| Records for the task |
---
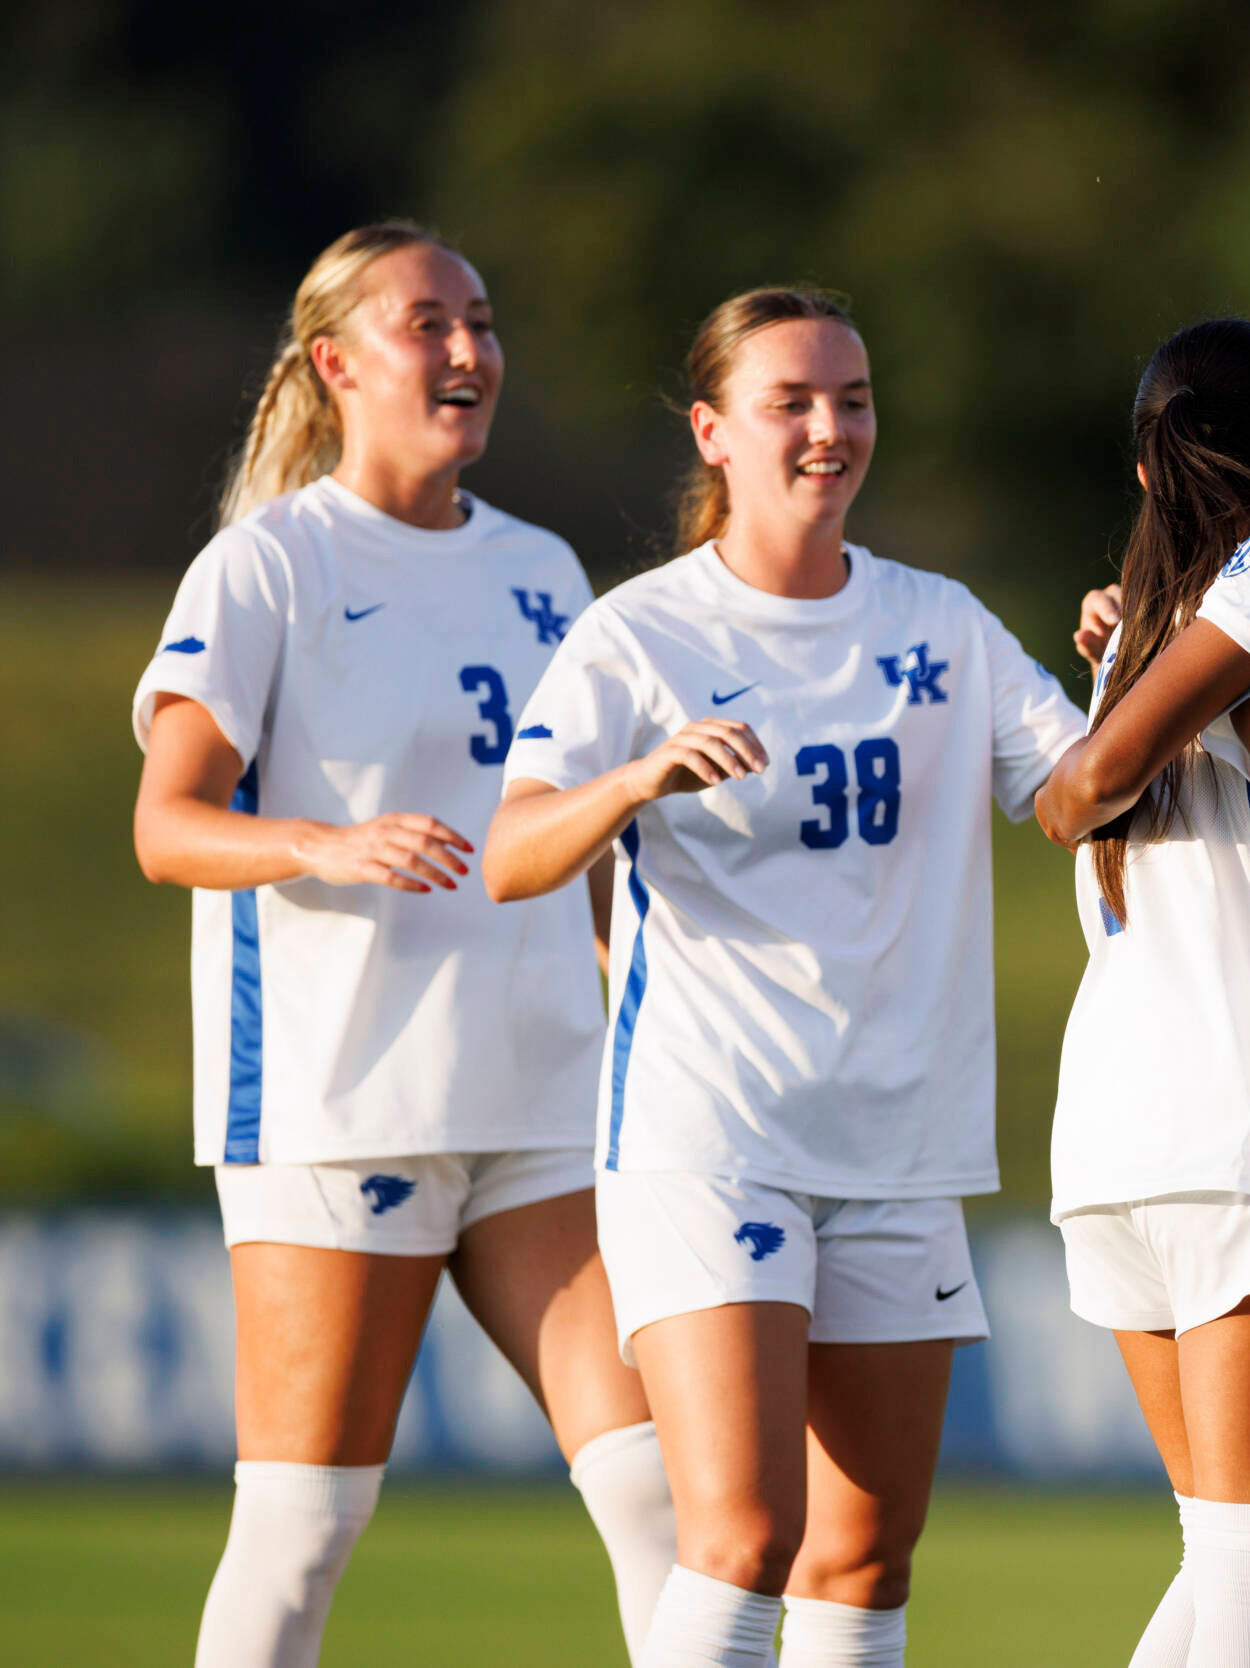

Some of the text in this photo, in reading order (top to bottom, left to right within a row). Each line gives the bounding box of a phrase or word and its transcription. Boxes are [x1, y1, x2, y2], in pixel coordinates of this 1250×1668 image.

[510, 588, 569, 645] UK
[876, 641, 949, 705] UK
[458, 665, 515, 766] 3
[795, 737, 901, 850] 38
---
| What you are asked to do |
In your copy of the listing above, every line must match exactly and no picture may appear.

| Exercise answer |
Some of the text in this photo, in reading order (top to bottom, left to right within a row). Each line gives the bounding box of a phrase or word and its transcription. Boxes are [x1, y1, x2, y2], in pixel coordinates of this 1250×1668 image.

[510, 588, 569, 645] UK
[876, 641, 949, 705] UK
[458, 665, 515, 766] 3
[795, 737, 901, 850] 38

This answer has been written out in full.